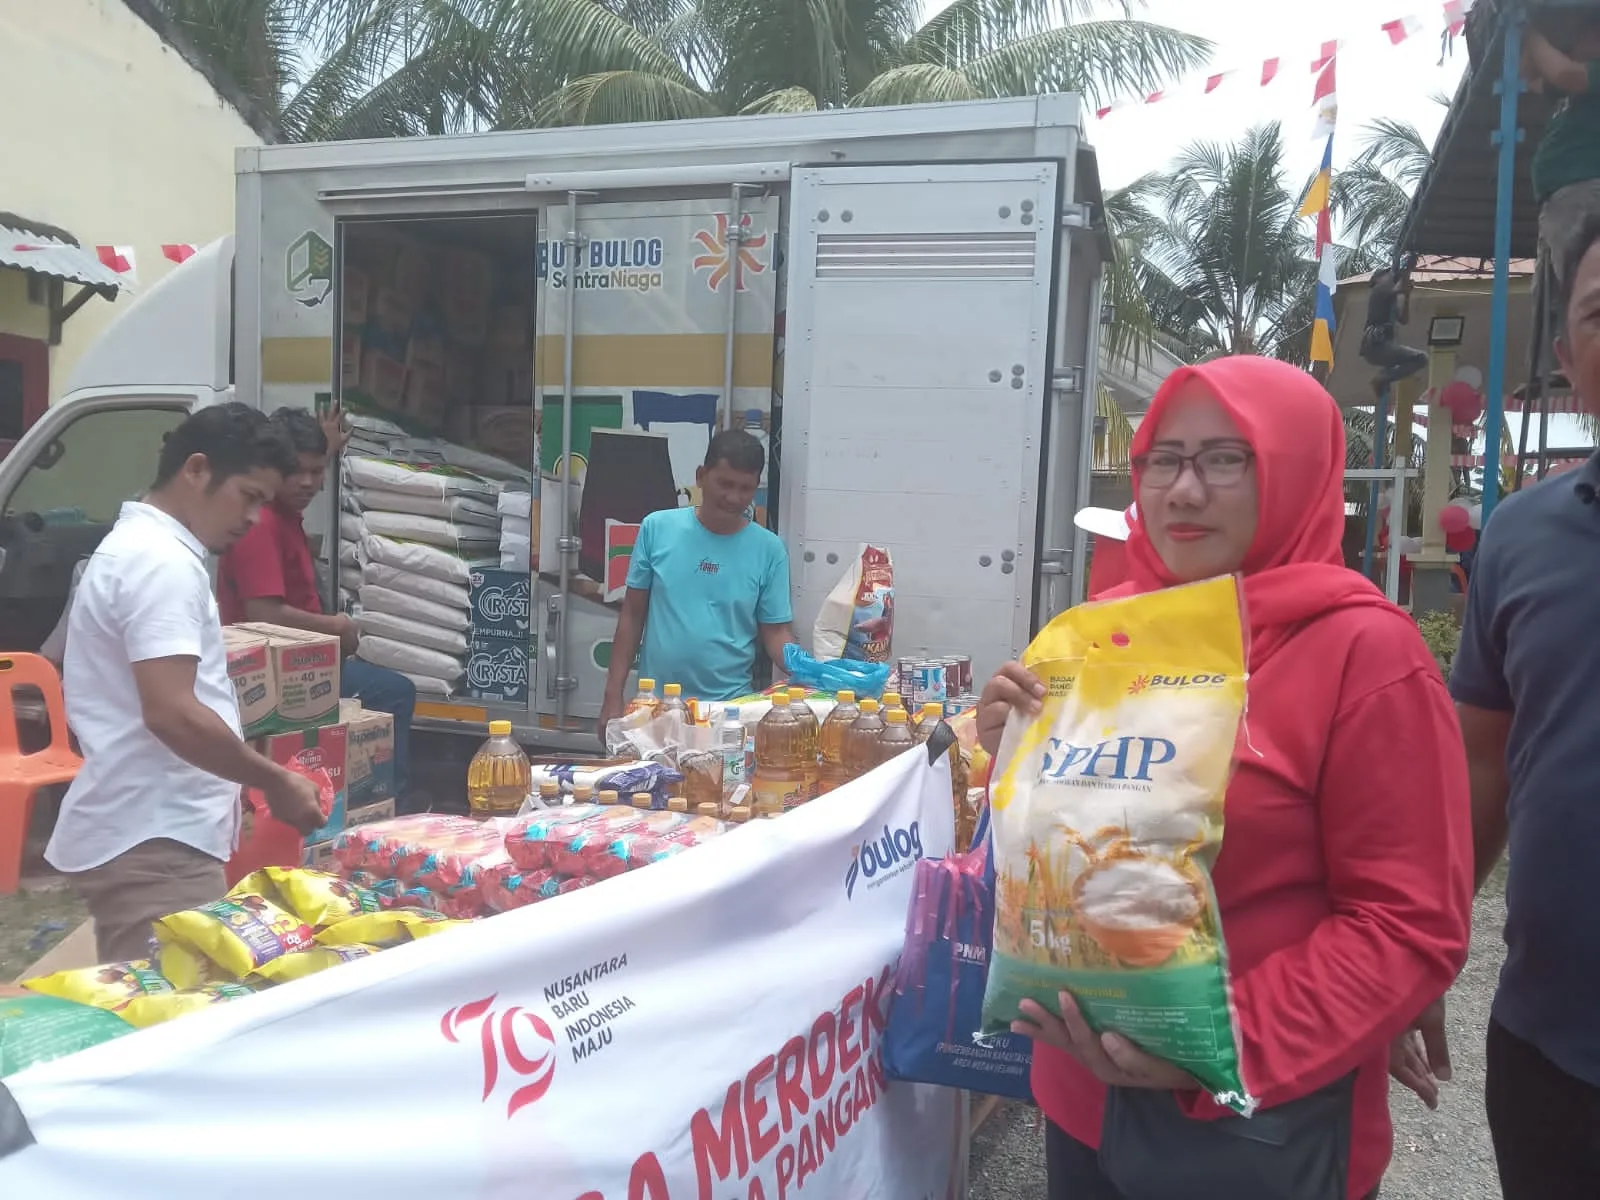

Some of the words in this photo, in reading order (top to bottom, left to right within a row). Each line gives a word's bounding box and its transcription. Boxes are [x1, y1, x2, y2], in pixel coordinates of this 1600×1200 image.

[590, 239, 662, 268] BULOG
[301, 672, 315, 683] 40
[1150, 673, 1227, 687] BULOG
[860, 821, 924, 878] bulog
[543, 952, 628, 1003] NUSANTARA
[551, 991, 590, 1020] BARU
[565, 995, 636, 1043] INDONESIA
[572, 1026, 613, 1064] MAJU
[691, 963, 893, 1200] MERDEK
[776, 1049, 889, 1200] PANGAN

● ● ● ●

(EXERCISE): Retype the entries verbatim and drop the pictures.

(EXERCISE RESULT):
Some of the words in this photo, in reading order (top to bottom, left to right within a row). Each line gives a word's bounding box and its transcription. Boxes are [x1, y1, x2, y2], in pixel coordinates of this 1600×1200 image.

[590, 239, 662, 268] BULOG
[301, 672, 315, 683] 40
[1150, 673, 1227, 687] BULOG
[860, 821, 924, 878] bulog
[543, 952, 628, 1003] NUSANTARA
[551, 991, 590, 1020] BARU
[565, 995, 636, 1043] INDONESIA
[572, 1026, 613, 1064] MAJU
[691, 963, 893, 1200] MERDEK
[776, 1049, 889, 1200] PANGAN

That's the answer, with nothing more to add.